As Hong Kong’s “Filipino tattooist,” Jay wants to introduce the Filipino tattoo and culture to overseas Filipinos in Hong Kong. He has done elaborate body tattoos of Baybayin letters on his clientele and has experimented in the traditional indigenous art of batok tattoos, ink pressed into the skin using a sharp bamboo needle.

Besides traditional influences on his tattoo work, Jay particularly enjoys drawing the surreal and mythical black-and-white designs he did during his mentorship in Alabang. Small sketches and previous stencil work done for clients in Hong Kong, the Philippines, the U.K., and Tokyo are stuck on his studio windows, illuminating the detailed shading work.

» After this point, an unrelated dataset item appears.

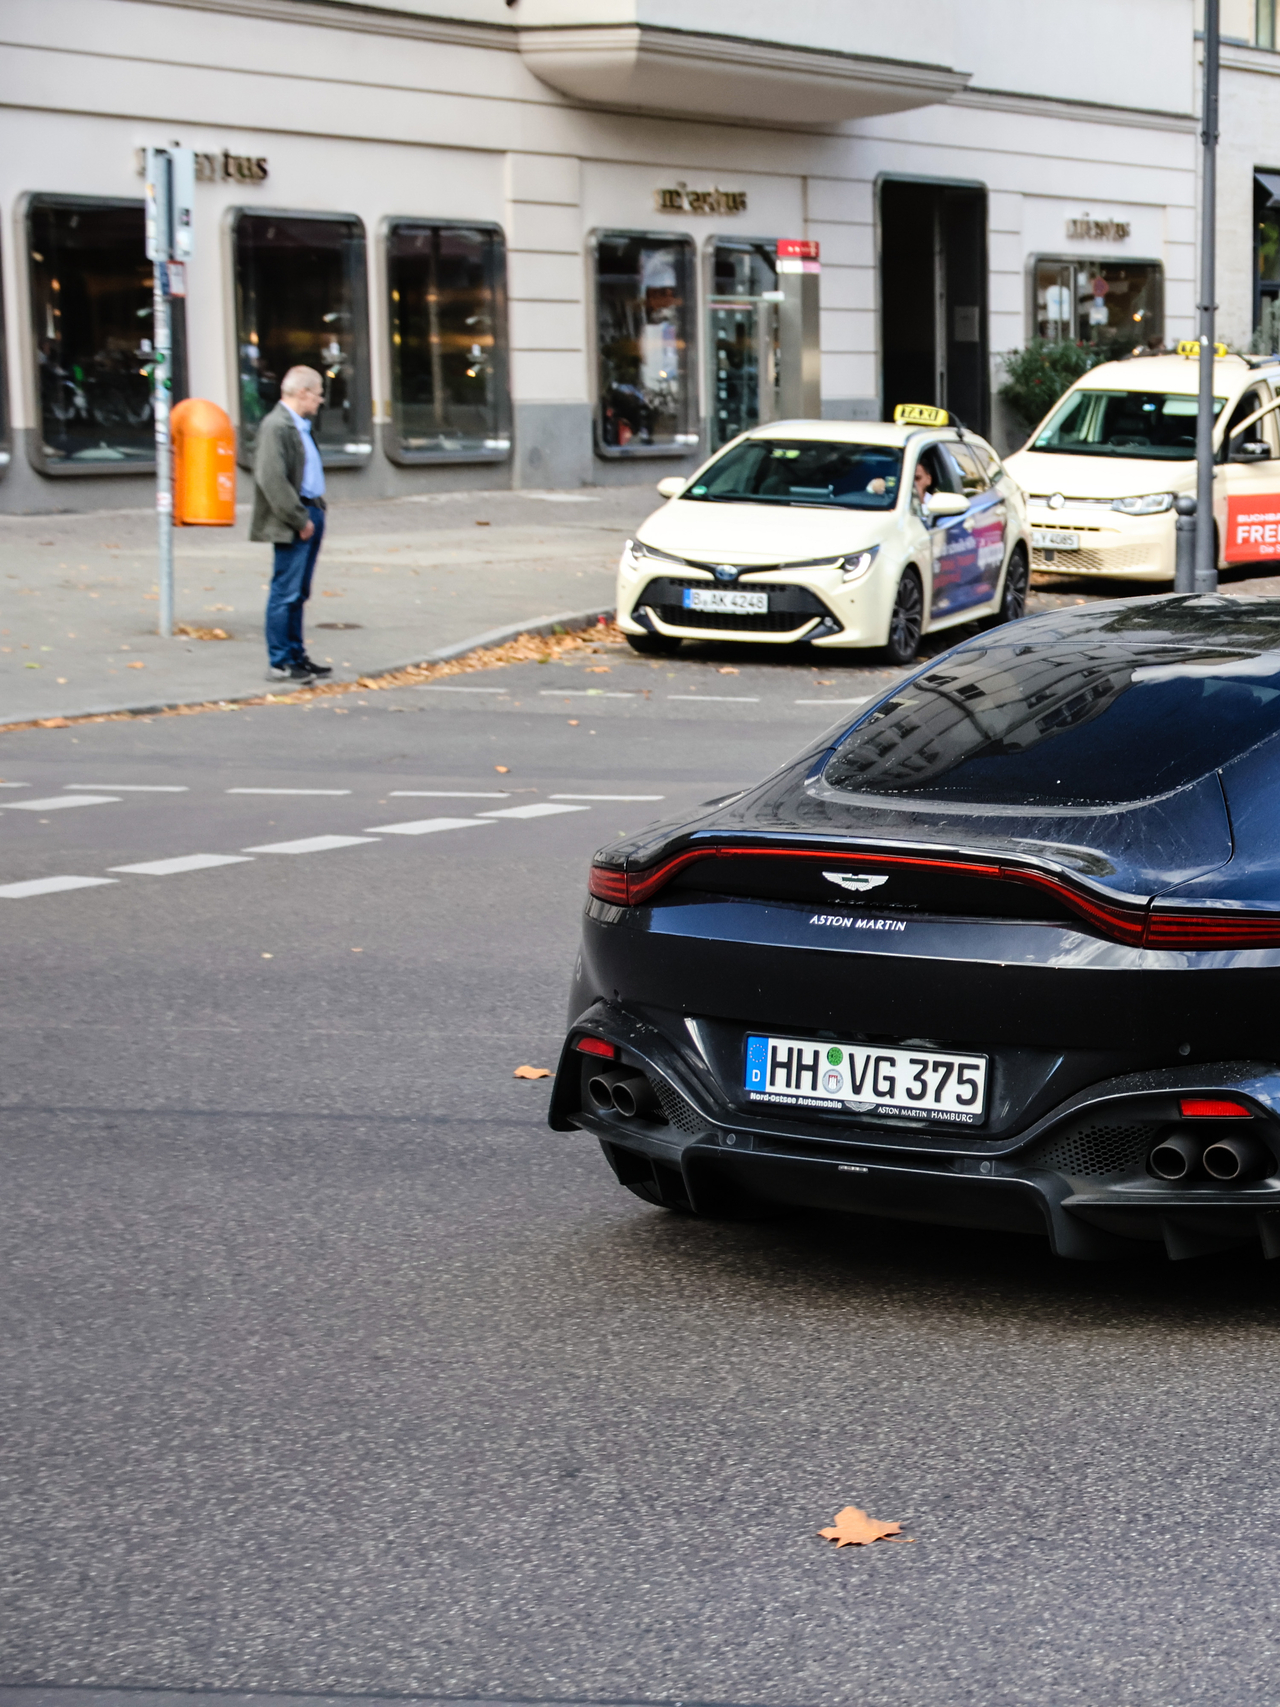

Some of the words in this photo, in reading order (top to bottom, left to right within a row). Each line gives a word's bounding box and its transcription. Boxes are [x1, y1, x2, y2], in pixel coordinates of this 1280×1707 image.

Jay's feature in the first edition of Pangyao Magazine in October, Hong Kong’s newest bimonthly migrant magazine, has elevated his image and studio within the tattoo field.

“Hong Kong is a small island; everyone seems to know everyone somehow. Why not spread the word of a great business?”

He is conscious about his image and position running the city’s first Filipino-owned tattoo parlour; however, it does not matter to him as much as his space for working on his passion.

“At first, I didn’t think much of it. A lot of my local friends kept on telling me, “You’re the first one!”. They tag me [on Instagram] and post about how I am the first Filipino-owned tattoo shop. I do market myself as the first but I love what I do [regardless] so this is not as important as following my dream.”

Jay is, ostensibly, a Hong Konger by heart, born and bred in the city. “I can’t relate to the culture back in the Philippines.” His future is in Hong Kong and with his local Hong Kong wife and six-year-old daughter.

The future for Jay and Don.Jay Tattoo is to expand into a bigger parlour in the Sheung Wan and Sai Ying Pun area. Serving the same clientele and friendship circles and growing as a business.

The effects of three business shutdowns in Hong Kong due to the COVID-19 pandemic have made Jay weary about future business in the city, with a back-up plan to emigrate to the Philippines to connect with his roots.

“Before 2020, every working weekday and weekend was fully booked with up to six or seven tattoo sessions daily. Now, my capacity is run down to just 60% or 70% of what it was; I only work on two or three sessions a day now,” Jay told The Beat Asia.

But similar to his career switch from a corporate career to a “gamble” working on his passion, Jay is resilient and dedicated to his work as a tattoo artist.